INSTRUCTIONS TO FOLLOW
Reproduce exactly the lines from the one containing "this 1280×1440 image." through the last line of the data, both ends included.

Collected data

★ ★ ★ ★

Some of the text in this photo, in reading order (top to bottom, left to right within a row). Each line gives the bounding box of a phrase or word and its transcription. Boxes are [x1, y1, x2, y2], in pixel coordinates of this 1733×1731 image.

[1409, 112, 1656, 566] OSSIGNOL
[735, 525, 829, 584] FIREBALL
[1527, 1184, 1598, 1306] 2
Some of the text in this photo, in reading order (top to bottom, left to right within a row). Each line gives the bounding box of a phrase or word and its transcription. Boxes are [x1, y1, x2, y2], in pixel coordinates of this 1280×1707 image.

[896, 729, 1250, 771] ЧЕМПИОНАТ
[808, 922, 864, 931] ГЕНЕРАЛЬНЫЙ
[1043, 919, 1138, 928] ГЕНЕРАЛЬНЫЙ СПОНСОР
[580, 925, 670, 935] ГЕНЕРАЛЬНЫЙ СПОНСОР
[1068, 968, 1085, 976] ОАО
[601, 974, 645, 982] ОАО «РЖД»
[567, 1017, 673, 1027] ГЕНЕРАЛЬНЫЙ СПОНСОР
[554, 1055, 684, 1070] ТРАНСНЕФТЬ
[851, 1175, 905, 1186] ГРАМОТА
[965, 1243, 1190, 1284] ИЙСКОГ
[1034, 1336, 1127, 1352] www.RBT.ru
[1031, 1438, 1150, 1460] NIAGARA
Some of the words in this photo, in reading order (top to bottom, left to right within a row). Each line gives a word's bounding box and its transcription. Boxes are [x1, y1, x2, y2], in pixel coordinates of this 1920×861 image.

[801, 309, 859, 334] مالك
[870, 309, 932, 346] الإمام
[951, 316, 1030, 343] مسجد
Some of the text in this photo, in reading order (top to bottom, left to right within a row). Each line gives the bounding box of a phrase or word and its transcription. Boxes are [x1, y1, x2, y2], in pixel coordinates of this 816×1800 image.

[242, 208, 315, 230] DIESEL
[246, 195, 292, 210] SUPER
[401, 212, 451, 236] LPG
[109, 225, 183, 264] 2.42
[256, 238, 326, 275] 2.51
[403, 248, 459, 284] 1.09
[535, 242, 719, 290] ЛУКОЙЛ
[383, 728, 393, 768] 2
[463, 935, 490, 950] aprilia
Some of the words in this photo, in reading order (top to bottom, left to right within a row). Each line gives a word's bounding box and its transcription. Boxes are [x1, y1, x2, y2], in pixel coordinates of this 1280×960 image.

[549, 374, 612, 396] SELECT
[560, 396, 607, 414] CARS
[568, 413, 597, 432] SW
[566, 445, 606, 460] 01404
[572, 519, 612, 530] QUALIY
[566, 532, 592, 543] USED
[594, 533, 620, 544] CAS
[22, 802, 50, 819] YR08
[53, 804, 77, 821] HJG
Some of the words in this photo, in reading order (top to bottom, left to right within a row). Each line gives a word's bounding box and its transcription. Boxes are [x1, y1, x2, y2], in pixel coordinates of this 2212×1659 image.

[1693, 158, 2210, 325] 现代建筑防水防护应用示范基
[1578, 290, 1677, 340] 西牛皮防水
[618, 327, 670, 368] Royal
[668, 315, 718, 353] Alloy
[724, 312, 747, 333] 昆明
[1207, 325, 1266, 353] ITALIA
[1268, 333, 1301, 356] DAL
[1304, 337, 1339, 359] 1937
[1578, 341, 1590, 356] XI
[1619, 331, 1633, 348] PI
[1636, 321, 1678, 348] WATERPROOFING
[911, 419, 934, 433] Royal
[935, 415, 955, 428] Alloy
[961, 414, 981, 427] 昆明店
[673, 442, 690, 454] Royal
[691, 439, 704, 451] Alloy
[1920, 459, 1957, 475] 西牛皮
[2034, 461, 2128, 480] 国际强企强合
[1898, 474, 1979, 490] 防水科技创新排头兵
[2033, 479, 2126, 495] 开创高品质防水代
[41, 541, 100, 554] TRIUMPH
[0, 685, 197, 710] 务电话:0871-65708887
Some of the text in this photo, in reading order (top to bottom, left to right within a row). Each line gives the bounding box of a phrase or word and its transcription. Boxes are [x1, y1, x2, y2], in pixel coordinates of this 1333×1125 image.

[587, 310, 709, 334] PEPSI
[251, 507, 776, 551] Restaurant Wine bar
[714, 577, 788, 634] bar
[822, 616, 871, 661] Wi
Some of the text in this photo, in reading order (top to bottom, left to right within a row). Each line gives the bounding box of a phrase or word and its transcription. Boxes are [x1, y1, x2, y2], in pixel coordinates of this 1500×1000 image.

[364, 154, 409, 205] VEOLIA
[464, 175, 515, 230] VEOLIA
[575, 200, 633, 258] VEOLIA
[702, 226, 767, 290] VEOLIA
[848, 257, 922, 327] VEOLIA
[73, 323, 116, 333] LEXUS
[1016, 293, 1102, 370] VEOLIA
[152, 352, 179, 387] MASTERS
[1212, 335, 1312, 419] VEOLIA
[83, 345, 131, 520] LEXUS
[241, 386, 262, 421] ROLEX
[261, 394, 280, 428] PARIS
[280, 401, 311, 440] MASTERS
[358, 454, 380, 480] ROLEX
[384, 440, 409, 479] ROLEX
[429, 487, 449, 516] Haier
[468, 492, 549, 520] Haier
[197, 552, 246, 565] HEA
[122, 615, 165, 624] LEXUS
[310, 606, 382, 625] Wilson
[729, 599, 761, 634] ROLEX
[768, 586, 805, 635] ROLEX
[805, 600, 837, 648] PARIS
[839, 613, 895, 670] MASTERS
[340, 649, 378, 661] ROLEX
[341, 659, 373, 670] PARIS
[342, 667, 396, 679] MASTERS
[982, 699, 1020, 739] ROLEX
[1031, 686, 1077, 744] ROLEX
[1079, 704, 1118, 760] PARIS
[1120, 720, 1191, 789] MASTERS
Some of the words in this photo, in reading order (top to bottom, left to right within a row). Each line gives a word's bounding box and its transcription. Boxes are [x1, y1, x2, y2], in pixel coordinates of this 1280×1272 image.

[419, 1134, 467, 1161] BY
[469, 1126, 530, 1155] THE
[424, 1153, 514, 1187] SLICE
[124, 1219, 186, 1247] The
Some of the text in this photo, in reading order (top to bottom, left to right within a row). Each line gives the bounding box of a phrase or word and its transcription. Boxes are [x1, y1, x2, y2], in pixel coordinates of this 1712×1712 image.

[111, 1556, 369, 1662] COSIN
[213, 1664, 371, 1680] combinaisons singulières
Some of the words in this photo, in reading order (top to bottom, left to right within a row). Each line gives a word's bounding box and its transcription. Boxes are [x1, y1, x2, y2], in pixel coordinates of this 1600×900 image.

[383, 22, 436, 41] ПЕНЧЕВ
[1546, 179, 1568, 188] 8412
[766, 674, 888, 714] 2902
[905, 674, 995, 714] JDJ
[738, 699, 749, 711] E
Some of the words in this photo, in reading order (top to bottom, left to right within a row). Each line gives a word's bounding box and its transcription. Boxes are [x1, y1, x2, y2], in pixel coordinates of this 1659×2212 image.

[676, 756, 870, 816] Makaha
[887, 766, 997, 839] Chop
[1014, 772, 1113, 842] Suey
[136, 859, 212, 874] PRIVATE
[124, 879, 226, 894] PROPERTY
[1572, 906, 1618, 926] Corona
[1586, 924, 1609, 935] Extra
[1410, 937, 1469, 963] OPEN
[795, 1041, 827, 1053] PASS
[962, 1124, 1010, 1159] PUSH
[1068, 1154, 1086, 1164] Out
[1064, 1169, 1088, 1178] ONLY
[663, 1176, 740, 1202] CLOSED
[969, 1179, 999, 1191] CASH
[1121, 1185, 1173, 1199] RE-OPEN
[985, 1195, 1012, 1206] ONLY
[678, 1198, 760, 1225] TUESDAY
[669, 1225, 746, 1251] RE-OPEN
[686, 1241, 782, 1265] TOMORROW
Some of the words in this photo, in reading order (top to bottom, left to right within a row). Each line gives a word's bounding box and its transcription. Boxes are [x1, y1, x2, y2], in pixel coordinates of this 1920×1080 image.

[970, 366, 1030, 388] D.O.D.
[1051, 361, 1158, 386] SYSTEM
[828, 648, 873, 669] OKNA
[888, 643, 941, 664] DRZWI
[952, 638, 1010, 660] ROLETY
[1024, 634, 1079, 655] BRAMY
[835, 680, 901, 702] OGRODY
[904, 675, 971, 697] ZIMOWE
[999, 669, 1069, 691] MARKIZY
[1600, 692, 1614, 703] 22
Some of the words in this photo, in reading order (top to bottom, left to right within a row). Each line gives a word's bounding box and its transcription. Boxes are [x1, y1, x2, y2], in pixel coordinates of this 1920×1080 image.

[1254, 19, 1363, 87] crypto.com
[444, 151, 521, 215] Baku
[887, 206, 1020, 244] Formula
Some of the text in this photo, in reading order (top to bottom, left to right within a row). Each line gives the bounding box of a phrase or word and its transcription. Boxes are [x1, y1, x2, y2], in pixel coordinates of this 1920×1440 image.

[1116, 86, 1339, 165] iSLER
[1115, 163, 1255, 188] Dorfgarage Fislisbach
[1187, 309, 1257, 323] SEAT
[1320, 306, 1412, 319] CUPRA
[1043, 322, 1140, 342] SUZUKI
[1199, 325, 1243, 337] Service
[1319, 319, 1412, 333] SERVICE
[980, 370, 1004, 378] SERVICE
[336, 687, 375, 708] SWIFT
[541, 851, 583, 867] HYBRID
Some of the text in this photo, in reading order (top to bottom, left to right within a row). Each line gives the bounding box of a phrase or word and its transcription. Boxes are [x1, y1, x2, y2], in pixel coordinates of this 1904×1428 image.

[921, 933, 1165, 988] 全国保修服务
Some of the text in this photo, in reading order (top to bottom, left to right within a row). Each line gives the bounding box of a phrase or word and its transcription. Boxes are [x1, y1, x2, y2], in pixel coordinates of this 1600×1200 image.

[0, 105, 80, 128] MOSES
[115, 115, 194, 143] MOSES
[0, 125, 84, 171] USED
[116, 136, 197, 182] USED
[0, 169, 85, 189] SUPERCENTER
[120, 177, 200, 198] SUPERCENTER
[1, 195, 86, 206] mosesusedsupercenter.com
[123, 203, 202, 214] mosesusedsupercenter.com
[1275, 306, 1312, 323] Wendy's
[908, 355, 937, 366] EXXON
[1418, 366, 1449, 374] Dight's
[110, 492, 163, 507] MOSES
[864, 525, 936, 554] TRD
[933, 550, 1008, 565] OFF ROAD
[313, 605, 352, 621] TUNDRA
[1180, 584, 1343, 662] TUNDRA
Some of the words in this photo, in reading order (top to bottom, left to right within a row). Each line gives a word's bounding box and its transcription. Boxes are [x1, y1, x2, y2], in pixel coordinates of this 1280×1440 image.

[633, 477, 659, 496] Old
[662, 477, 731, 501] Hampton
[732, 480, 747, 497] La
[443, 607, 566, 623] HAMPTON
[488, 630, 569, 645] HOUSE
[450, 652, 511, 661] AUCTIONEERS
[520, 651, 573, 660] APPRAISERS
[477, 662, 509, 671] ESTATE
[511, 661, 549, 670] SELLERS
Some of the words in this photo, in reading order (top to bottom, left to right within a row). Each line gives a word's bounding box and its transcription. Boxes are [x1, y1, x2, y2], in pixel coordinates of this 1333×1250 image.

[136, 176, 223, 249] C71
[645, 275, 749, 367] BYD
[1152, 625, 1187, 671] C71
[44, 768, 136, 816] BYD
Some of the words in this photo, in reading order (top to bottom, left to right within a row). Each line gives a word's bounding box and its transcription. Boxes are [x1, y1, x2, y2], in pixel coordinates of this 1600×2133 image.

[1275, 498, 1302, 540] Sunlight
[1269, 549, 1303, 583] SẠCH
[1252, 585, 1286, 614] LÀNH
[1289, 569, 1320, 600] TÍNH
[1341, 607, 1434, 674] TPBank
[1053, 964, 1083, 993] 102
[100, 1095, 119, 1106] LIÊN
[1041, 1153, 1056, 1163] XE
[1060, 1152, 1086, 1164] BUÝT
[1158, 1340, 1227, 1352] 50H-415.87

★ ★ ★ ★

ANSWER BOX
Some of the words in this photo, in reading order (top to bottom, left to right within a row). Each line gives a word's bounding box and its transcription. Boxes are [x1, y1, x2, y2], in pixel coordinates of this 1280×1440 image.

[633, 477, 659, 496] Old
[662, 477, 731, 501] Hampton
[732, 480, 747, 497] La
[443, 607, 566, 623] HAMPTON
[488, 630, 569, 645] HOUSE
[450, 652, 511, 661] AUCTIONEERS
[520, 651, 573, 660] APPRAISERS
[477, 662, 509, 671] ESTATE
[511, 661, 549, 670] SELLERS
Some of the words in this photo, in reading order (top to bottom, left to right within a row). Each line gives a word's bounding box and its transcription. Boxes are [x1, y1, x2, y2], in pixel coordinates of this 1333×1250 image.

[136, 176, 223, 249] C71
[645, 275, 749, 367] BYD
[1152, 625, 1187, 671] C71
[44, 768, 136, 816] BYD
Some of the words in this photo, in reading order (top to bottom, left to right within a row). Each line gives a word's bounding box and its transcription. Boxes are [x1, y1, x2, y2], in pixel coordinates of this 1600×2133 image.

[1275, 498, 1302, 540] Sunlight
[1269, 549, 1303, 583] SẠCH
[1252, 585, 1286, 614] LÀNH
[1289, 569, 1320, 600] TÍNH
[1341, 607, 1434, 674] TPBank
[1053, 964, 1083, 993] 102
[100, 1095, 119, 1106] LIÊN
[1041, 1153, 1056, 1163] XE
[1060, 1152, 1086, 1164] BUÝT
[1158, 1340, 1227, 1352] 50H-415.87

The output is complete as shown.